[[ Records for this exercise open ]]

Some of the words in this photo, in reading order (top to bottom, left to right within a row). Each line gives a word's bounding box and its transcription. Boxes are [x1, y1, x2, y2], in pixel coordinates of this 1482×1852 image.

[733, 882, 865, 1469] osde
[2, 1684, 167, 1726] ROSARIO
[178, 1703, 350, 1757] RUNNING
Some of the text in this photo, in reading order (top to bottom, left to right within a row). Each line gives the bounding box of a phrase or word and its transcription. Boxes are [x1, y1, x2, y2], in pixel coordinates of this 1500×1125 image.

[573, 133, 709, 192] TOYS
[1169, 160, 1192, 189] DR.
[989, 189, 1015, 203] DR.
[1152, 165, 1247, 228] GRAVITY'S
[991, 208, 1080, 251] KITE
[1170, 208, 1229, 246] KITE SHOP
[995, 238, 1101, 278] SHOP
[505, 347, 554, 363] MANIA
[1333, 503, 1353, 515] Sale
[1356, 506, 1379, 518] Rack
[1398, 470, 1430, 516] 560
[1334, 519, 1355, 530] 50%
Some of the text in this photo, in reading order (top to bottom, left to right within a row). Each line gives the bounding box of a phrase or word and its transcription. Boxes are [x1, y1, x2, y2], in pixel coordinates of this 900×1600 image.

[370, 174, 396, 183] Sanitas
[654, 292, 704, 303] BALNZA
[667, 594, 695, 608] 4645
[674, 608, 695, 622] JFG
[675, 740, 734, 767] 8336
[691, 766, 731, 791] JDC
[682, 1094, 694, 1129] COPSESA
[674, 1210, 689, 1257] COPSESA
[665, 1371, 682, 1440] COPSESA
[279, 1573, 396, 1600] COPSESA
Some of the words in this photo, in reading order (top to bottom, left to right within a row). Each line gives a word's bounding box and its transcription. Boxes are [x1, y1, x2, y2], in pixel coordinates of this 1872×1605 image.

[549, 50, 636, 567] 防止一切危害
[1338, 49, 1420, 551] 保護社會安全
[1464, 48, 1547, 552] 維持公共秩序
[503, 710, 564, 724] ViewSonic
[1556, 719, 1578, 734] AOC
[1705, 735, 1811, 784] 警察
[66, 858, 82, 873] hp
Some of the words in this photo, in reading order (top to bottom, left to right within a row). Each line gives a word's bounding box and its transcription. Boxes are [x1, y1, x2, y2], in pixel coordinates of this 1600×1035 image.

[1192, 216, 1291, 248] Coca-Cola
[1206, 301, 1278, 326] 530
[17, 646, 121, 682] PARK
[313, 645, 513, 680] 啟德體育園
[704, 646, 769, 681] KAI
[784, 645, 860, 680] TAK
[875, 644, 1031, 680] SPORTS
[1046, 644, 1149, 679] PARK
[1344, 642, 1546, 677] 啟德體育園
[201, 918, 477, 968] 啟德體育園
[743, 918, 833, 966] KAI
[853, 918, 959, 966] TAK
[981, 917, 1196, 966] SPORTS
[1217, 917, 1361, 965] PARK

[[ Records for this exercise closed ]]

#### [Exercise details]
A word-for-word copy of the material is required.

#### [Written solution]
Some of the words in this photo, in reading order (top to bottom, left to right within a row). Each line gives a word's bounding box and its transcription. Boxes are [x1, y1, x2, y2], in pixel coordinates of this 1482×1852 image.

[733, 882, 865, 1469] osde
[2, 1684, 167, 1726] ROSARIO
[178, 1703, 350, 1757] RUNNING
Some of the text in this photo, in reading order (top to bottom, left to right within a row). Each line gives the bounding box of a phrase or word and its transcription. Boxes are [x1, y1, x2, y2], in pixel coordinates of this 1500×1125 image.

[573, 133, 709, 192] TOYS
[1169, 160, 1192, 189] DR.
[989, 189, 1015, 203] DR.
[1152, 165, 1247, 228] GRAVITY'S
[991, 208, 1080, 251] KITE
[1170, 208, 1229, 246] KITE SHOP
[995, 238, 1101, 278] SHOP
[505, 347, 554, 363] MANIA
[1333, 503, 1353, 515] Sale
[1356, 506, 1379, 518] Rack
[1398, 470, 1430, 516] 560
[1334, 519, 1355, 530] 50%
Some of the text in this photo, in reading order (top to bottom, left to right within a row). Each line gives the bounding box of a phrase or word and its transcription. Boxes are [x1, y1, x2, y2], in pixel coordinates of this 900×1600 image.

[370, 174, 396, 183] Sanitas
[654, 292, 704, 303] BALNZA
[667, 594, 695, 608] 4645
[674, 608, 695, 622] JFG
[675, 740, 734, 767] 8336
[691, 766, 731, 791] JDC
[682, 1094, 694, 1129] COPSESA
[674, 1210, 689, 1257] COPSESA
[665, 1371, 682, 1440] COPSESA
[279, 1573, 396, 1600] COPSESA
Some of the words in this photo, in reading order (top to bottom, left to right within a row). Each line gives a word's bounding box and its transcription. Boxes are [x1, y1, x2, y2], in pixel coordinates of this 1872×1605 image.

[549, 50, 636, 567] 防止一切危害
[1338, 49, 1420, 551] 保護社會安全
[1464, 48, 1547, 552] 維持公共秩序
[503, 710, 564, 724] ViewSonic
[1556, 719, 1578, 734] AOC
[1705, 735, 1811, 784] 警察
[66, 858, 82, 873] hp
Some of the words in this photo, in reading order (top to bottom, left to right within a row). Each line gives a word's bounding box and its transcription. Boxes are [x1, y1, x2, y2], in pixel coordinates of this 1600×1035 image.

[1192, 216, 1291, 248] Coca-Cola
[1206, 301, 1278, 326] 530
[17, 646, 121, 682] PARK
[313, 645, 513, 680] 啟德體育園
[704, 646, 769, 681] KAI
[784, 645, 860, 680] TAK
[875, 644, 1031, 680] SPORTS
[1046, 644, 1149, 679] PARK
[1344, 642, 1546, 677] 啟德體育園
[201, 918, 477, 968] 啟德體育園
[743, 918, 833, 966] KAI
[853, 918, 959, 966] TAK
[981, 917, 1196, 966] SPORTS
[1217, 917, 1361, 965] PARK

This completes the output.